## TASK TO COMPLETE
Each record is to be copied exactly, with its pictures left behind.

++++++++

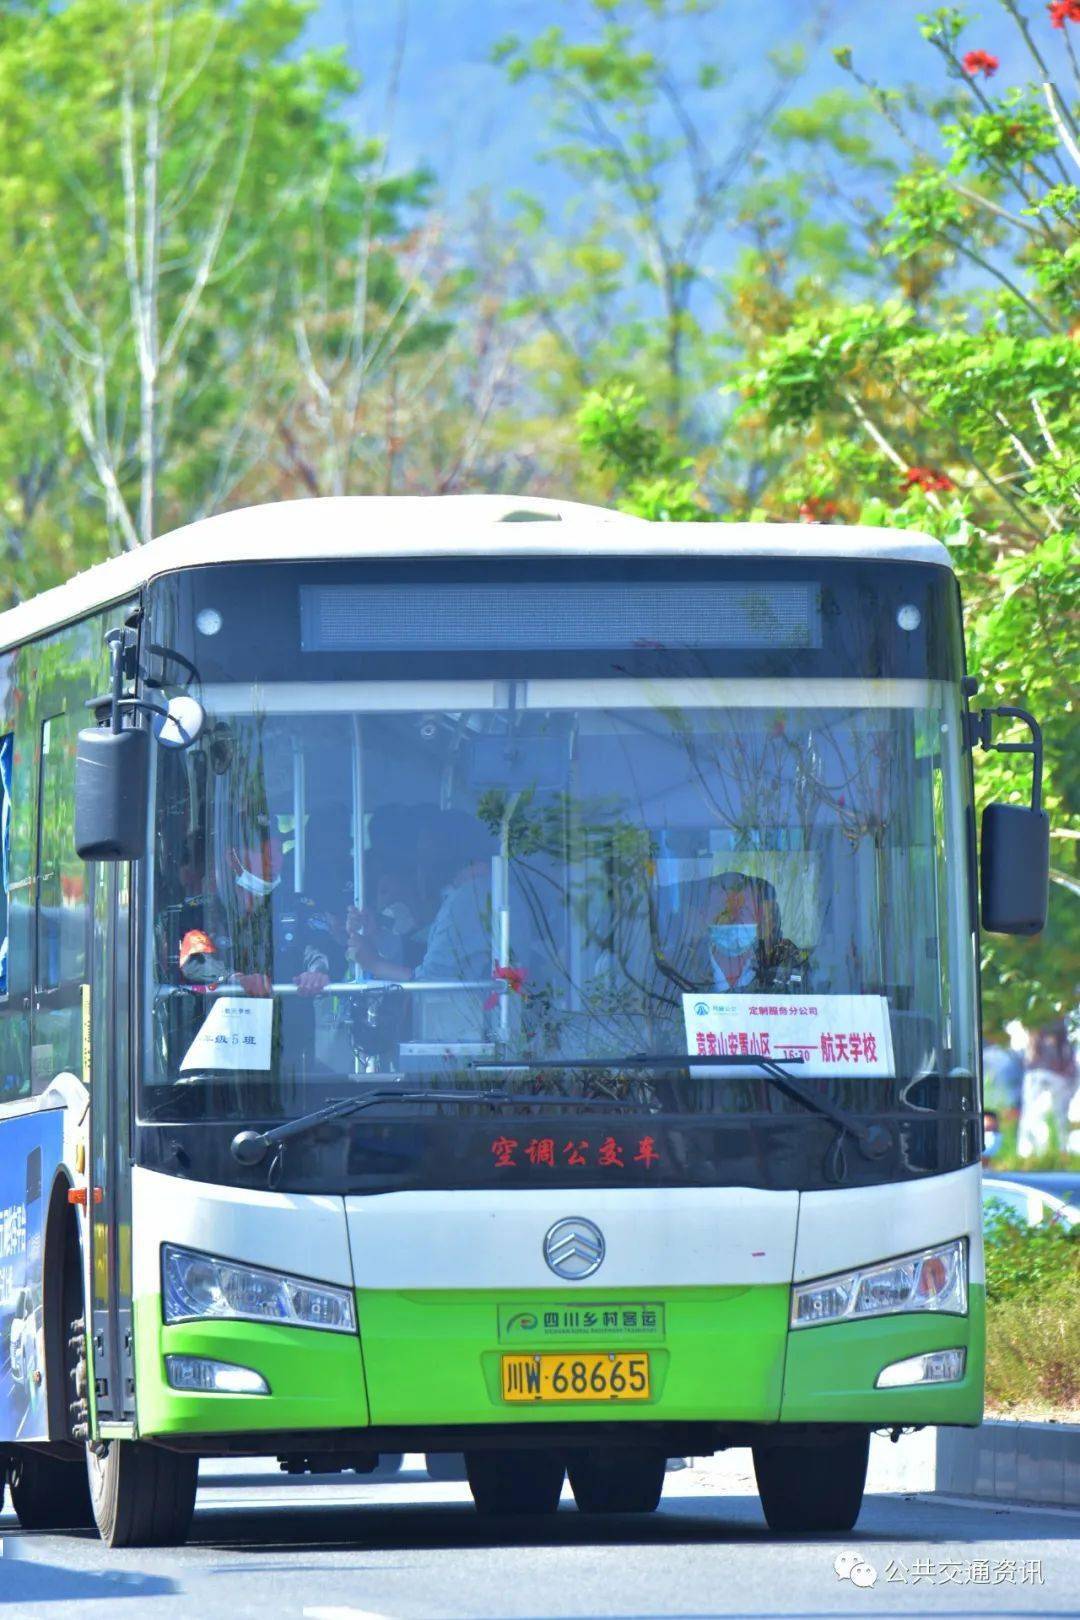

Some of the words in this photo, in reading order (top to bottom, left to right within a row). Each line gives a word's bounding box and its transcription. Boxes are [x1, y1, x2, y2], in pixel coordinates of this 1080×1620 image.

[748, 1006, 818, 1016] 定制服务分公司
[820, 1032, 878, 1063] 航天学校
[491, 1135, 660, 1168] 空调公交车
[543, 1311, 657, 1328] 四川乡村客运

++++++++

## SOLVED EXERCISE
Some of the words in this photo, in reading order (top to bottom, left to right within a row). Each line gives a word's bounding box and its transcription. Boxes are [x1, y1, x2, y2], in pixel coordinates of this 1080×1620 image.

[748, 1006, 818, 1016] 定制服务分公司
[820, 1032, 878, 1063] 航天学校
[491, 1135, 660, 1168] 空调公交车
[543, 1311, 657, 1328] 四川乡村客运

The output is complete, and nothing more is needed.